■ **Work request**:
Copy all entries verbatim and keep any pictures out of the copy.

(Spatial localization data)

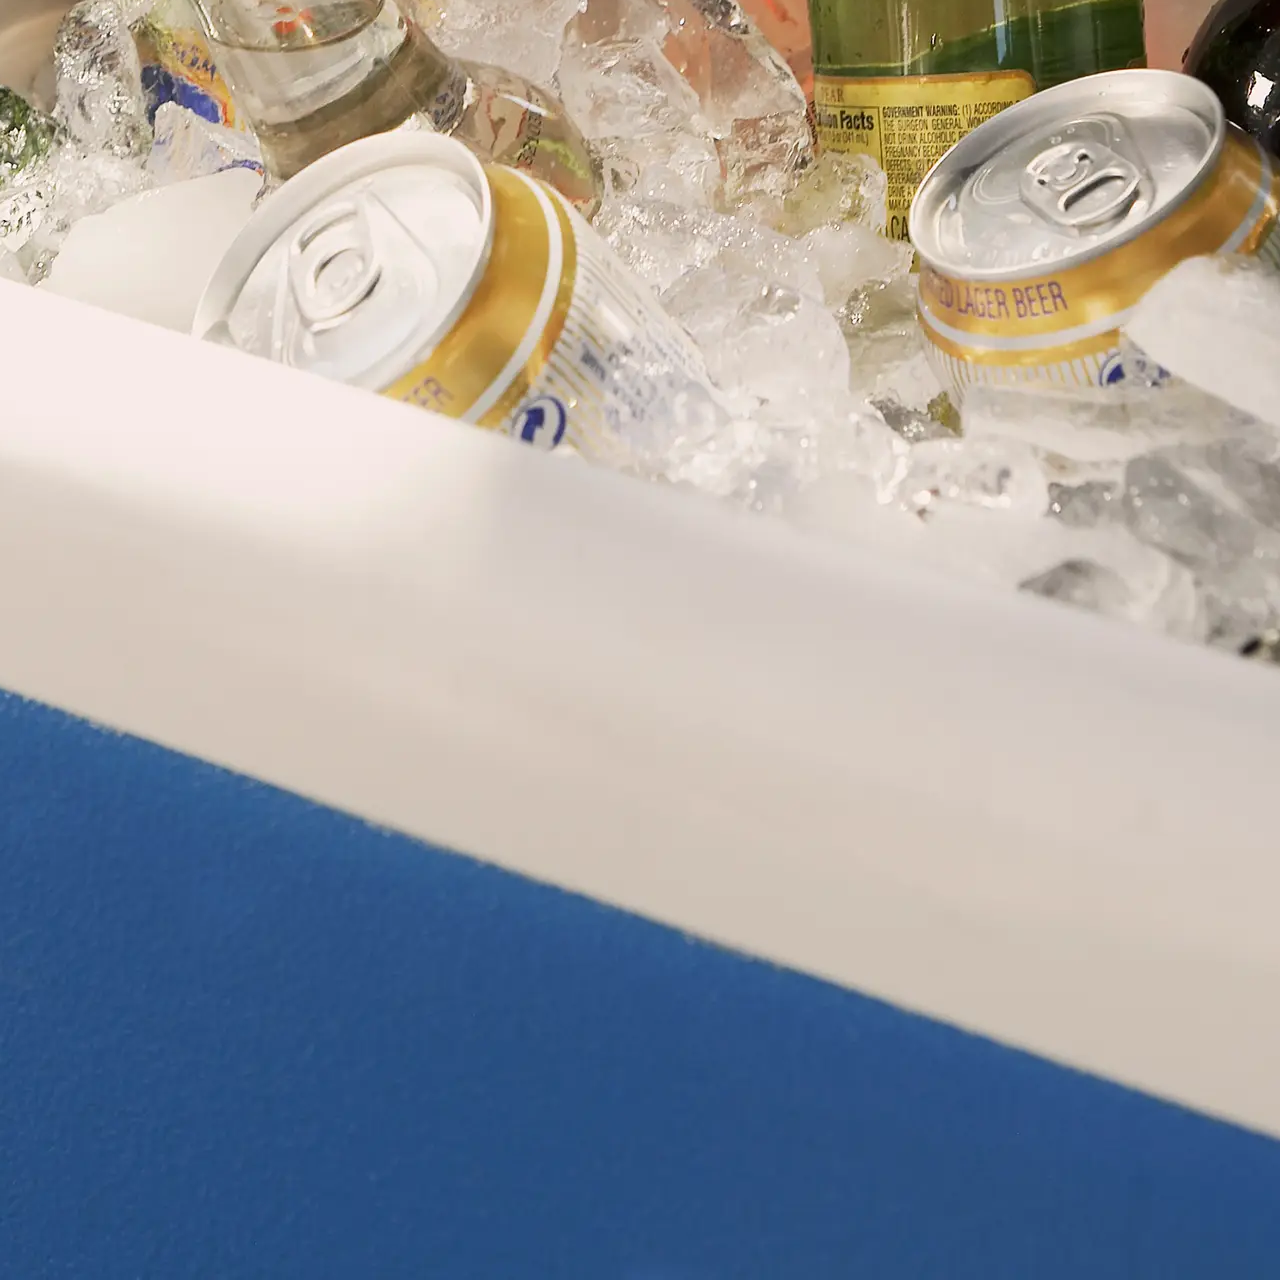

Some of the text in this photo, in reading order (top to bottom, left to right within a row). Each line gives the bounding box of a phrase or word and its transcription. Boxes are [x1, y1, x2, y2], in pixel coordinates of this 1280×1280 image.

[882, 106, 923, 118] GOVERNMENT
[926, 104, 960, 116] WARNING:
[840, 110, 874, 131] Facts
[883, 120, 895, 131] THE
[898, 119, 928, 131] SURGEON
[931, 117, 963, 130] GENERAL
[884, 133, 896, 144] NOT
[898, 132, 917, 144] DRINK
[919, 131, 956, 143] ALCOHOLIC
[885, 146, 920, 157] PREGNANCY
[957, 285, 1010, 319] LAGER
[1012, 281, 1068, 318] BEER

■ **Output of the exercise**:
Some of the text in this photo, in reading order (top to bottom, left to right within a row). Each line gives the bounding box of a phrase or word and its transcription. Boxes are [x1, y1, x2, y2], in pixel coordinates of this 1280×1280 image.

[882, 106, 923, 118] GOVERNMENT
[926, 104, 960, 116] WARNING:
[840, 110, 874, 131] Facts
[883, 120, 895, 131] THE
[898, 119, 928, 131] SURGEON
[931, 117, 963, 130] GENERAL
[884, 133, 896, 144] NOT
[898, 132, 917, 144] DRINK
[919, 131, 956, 143] ALCOHOLIC
[885, 146, 920, 157] PREGNANCY
[957, 285, 1010, 319] LAGER
[1012, 281, 1068, 318] BEER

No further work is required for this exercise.